I wouldn't say the yakuza were a deciding factor. They are one factor. If you put the Inagawakai and the Yamaguchi-gumi together that's about 50,000 people. Add on their relatives, families, and related businesses, you have a powerful little lobby.


Now that the DPJ is faltering, are the yakuza switching political allegiances?

I wouldn't say "the yakuza"—I would say the Yamaguchi-gumi and all organizations under their domination, which includes the Inagawakai, are reassessing their place on the political landscape. Kan Naoto is now the DPJ PM and their allies within the DPJ don't include him.  

Meanwhile, the National Police Agency (NPA) is very publicly arresting members of the Yamaguchi-gumi Kodokai (the ruling faction) on any possible charges and vigorously pursuing the investigation of links between the sumo world and the Yamaguchi-gumi, shaming the Yamaguchi-gumi and ruining their public image. The National Police Agency is doing this in spite of what appear to be attempts by politicians to quash the investigation. It does appear, at least, that the Yamaguchi-gumi seems to have one of their people inside the Sumo Association to keep things quiet and has help from above in making sure the investigation doesn’t go too far.

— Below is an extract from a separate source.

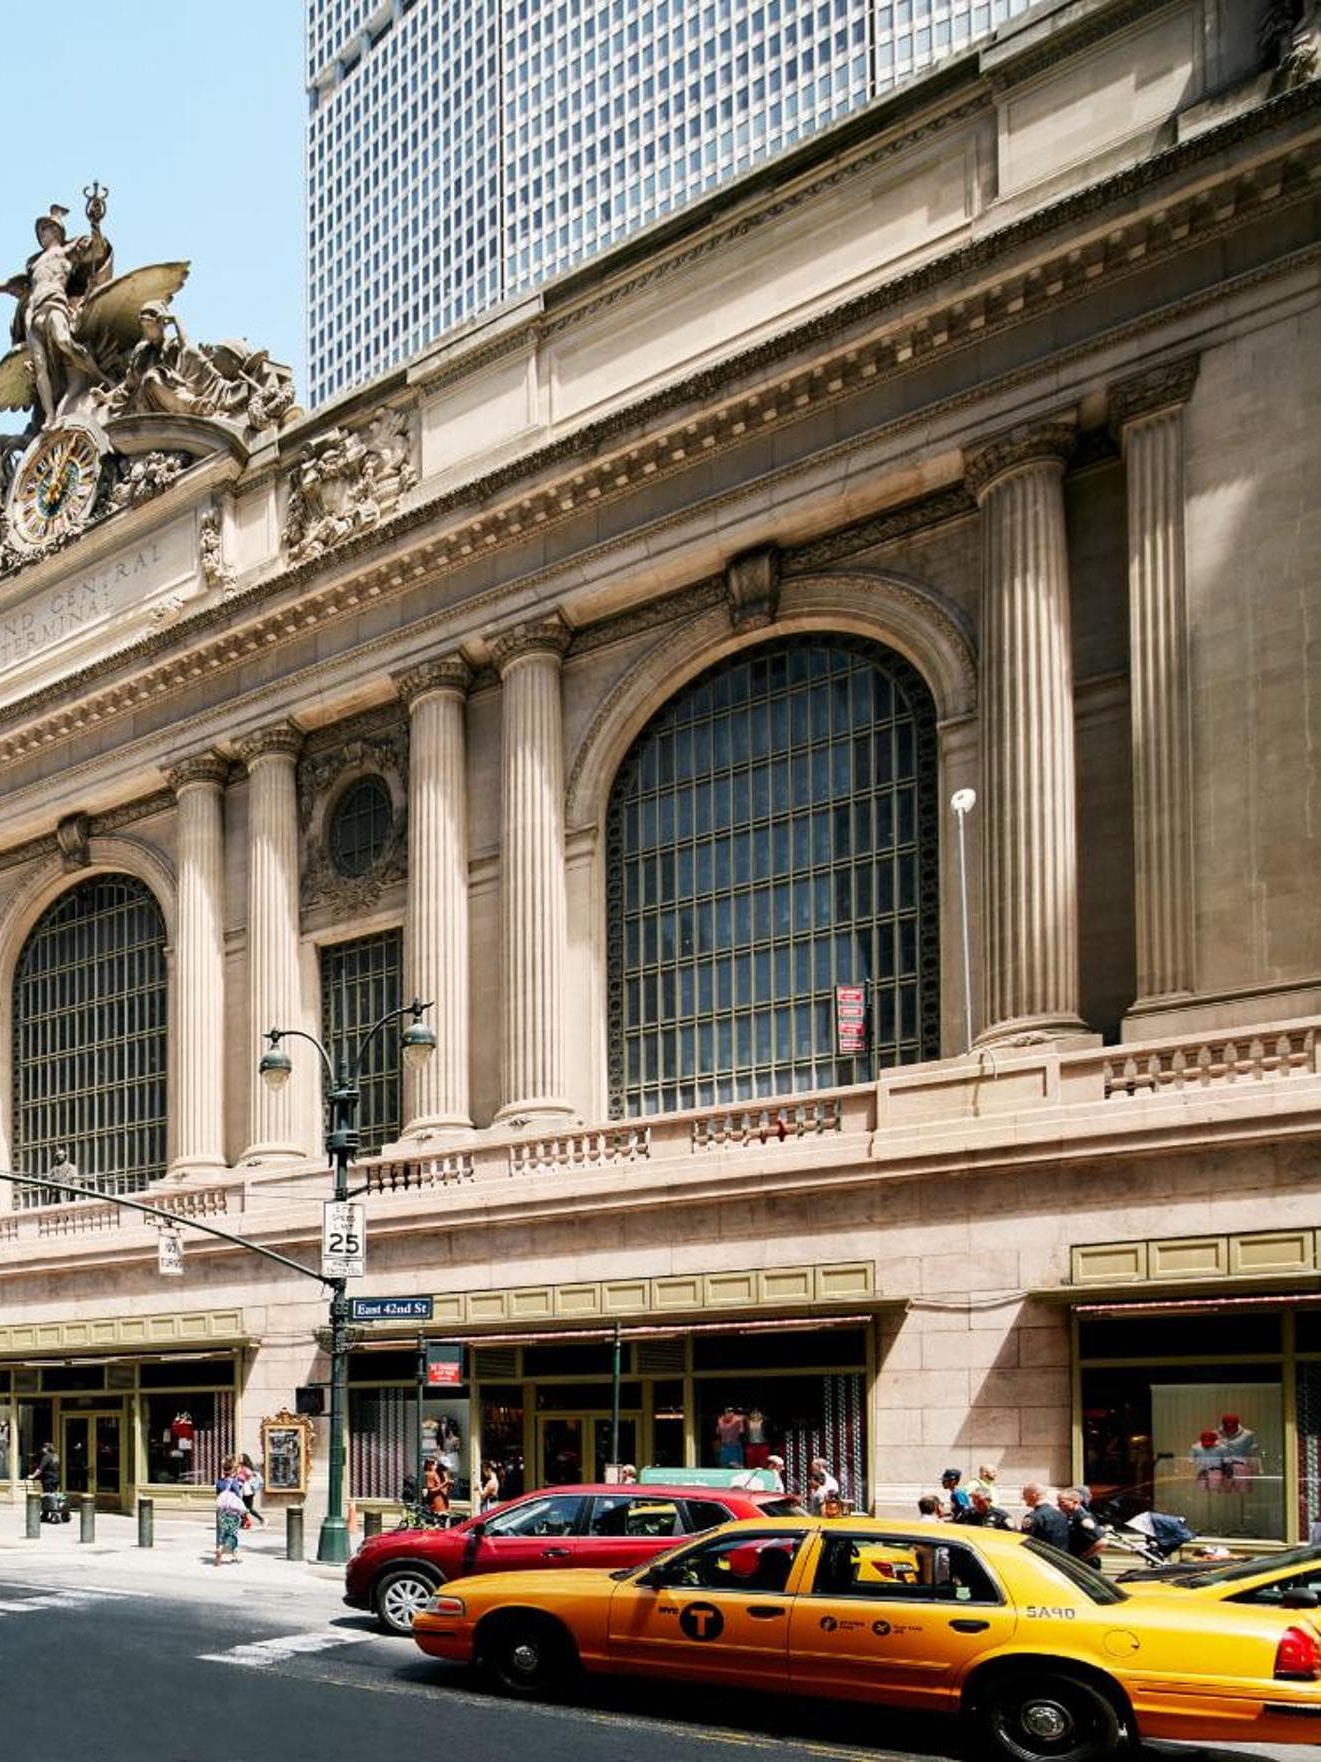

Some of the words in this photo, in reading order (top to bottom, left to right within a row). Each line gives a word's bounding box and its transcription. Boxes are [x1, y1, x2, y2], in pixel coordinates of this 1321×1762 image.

How did you become involved with the police in Japan?

I was a reporter for the Yomiuri Shinbun, Japan's largest newspaper, from 1993 to 2005. I started on the police beat in Saitama Prefecture along with all the other new hires in 1993. By the end of 1993, I was primarily covering the organized crime task force of the Saitama Police Department. Other reporters covered homicide, or white collar crime, my beat was organized crime.


Why does the NPA go after the yakuza now, after years of laissez-faire?

Because the Kodokai, the ruling faction of the Yamaguchi-gumi, has broken the unwritten rules. They have harassed police officers, photographed their family members—they have challenged the police. They don't take that well. And by parading their presence at the Nagoya sumo tournament last year, they basically spat in the face of the police as well. As if to say, "we even have claim to Japan's national sport. We're VIPS wherever we go. You can't touch us."  It also doesn't help that the acting head of the Kodokai, Takayama, is rumored to be of North Korean ancestry.


What differences are there between the yakuza factions? Is there a lot of competition or do they cooperate on joint ventures?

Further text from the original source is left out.